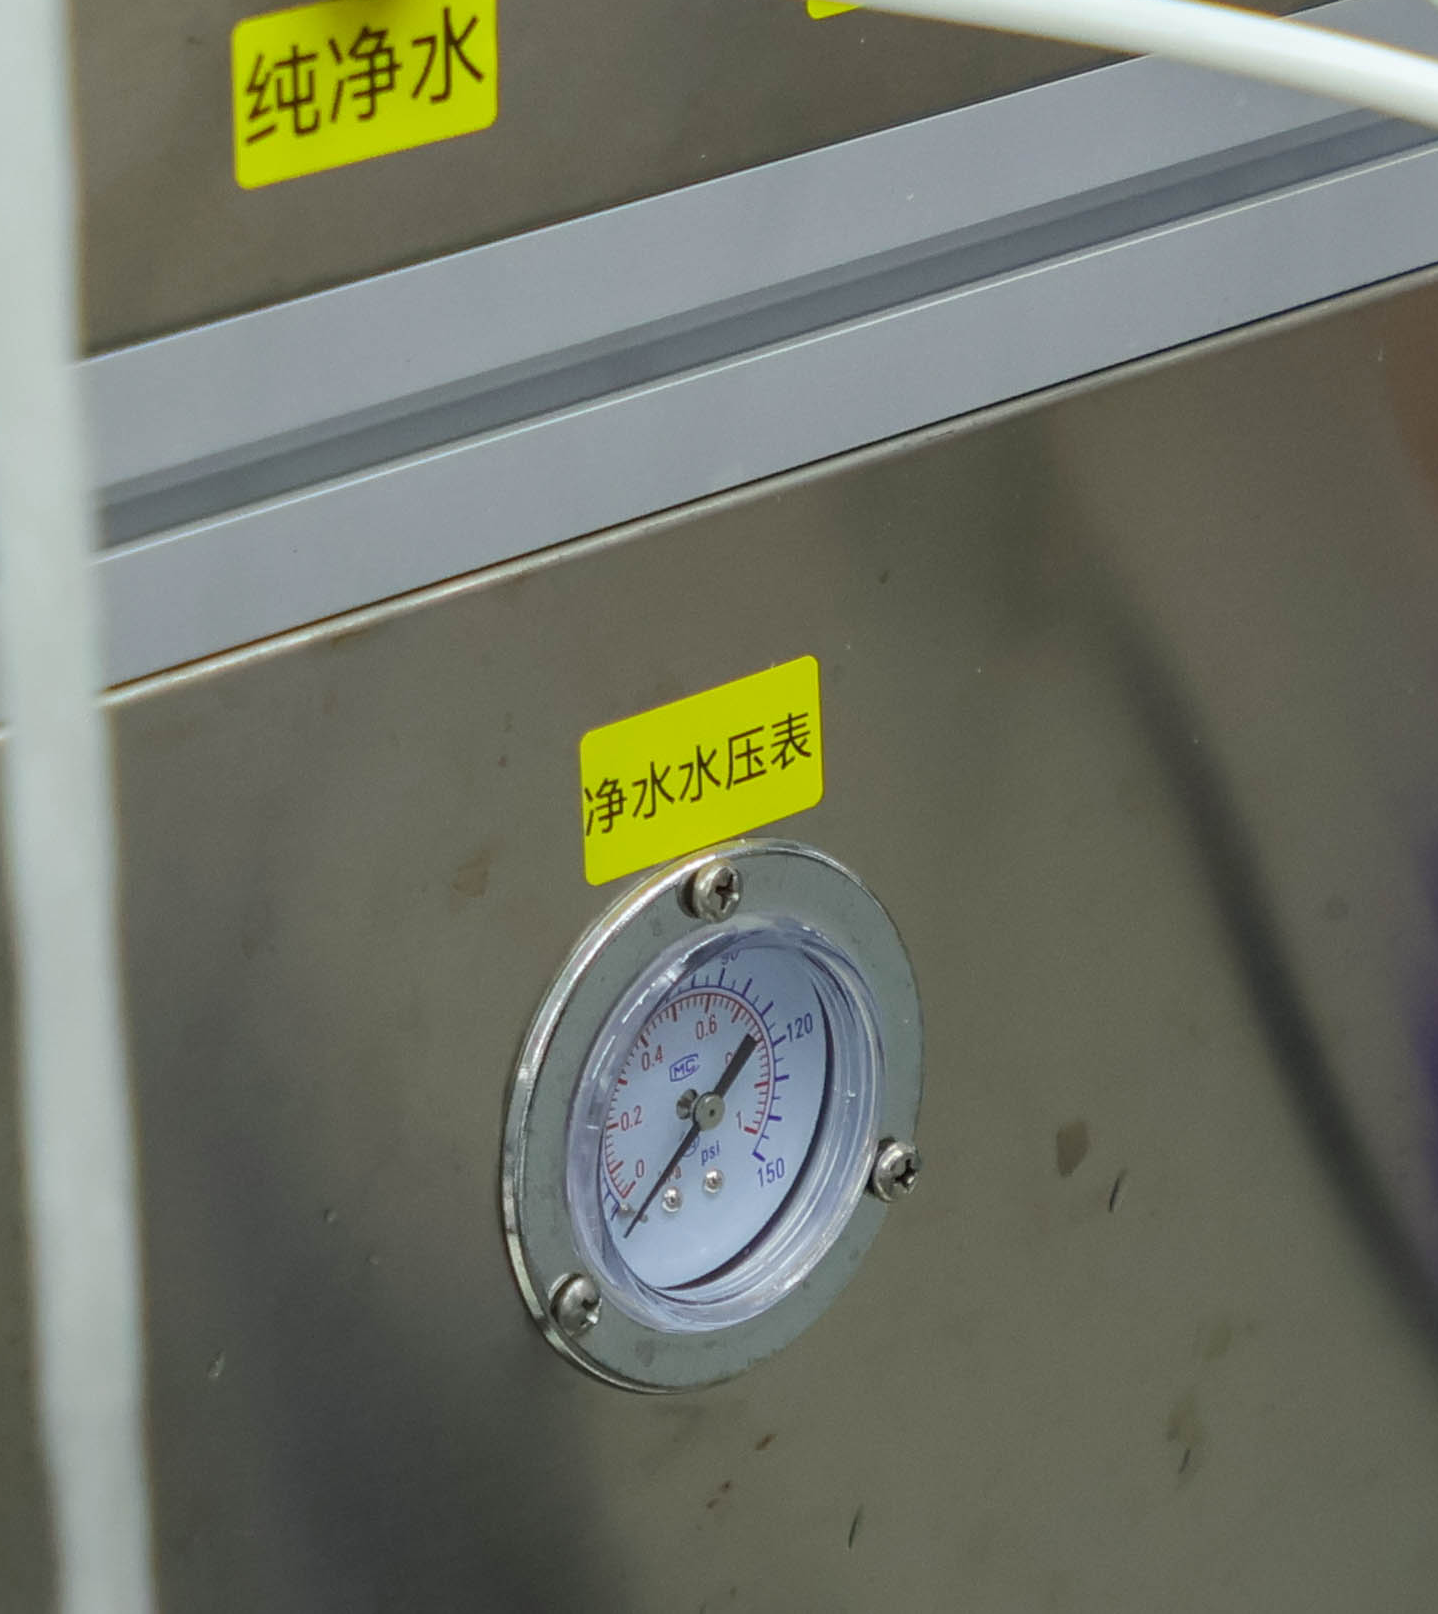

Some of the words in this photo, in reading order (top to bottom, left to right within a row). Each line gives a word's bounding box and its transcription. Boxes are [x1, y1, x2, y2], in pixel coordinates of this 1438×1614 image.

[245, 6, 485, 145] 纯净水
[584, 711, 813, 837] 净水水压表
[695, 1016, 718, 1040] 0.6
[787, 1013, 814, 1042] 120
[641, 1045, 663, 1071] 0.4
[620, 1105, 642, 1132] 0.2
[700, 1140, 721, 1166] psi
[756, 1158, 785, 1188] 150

----------------------------------------

▸ **WHAT IS BEING ASKED**
Would you repeat each line of the listing exactly, skipping any picture?

▸ **OUTPUT**
Some of the words in this photo, in reading order (top to bottom, left to right within a row). Each line gives a word's bounding box and its transcription. Boxes are [x1, y1, x2, y2], in pixel coordinates of this 1438×1614 image.

[245, 6, 485, 145] 纯净水
[584, 711, 813, 837] 净水水压表
[695, 1016, 718, 1040] 0.6
[787, 1013, 814, 1042] 120
[641, 1045, 663, 1071] 0.4
[620, 1105, 642, 1132] 0.2
[700, 1140, 721, 1166] psi
[756, 1158, 785, 1188] 150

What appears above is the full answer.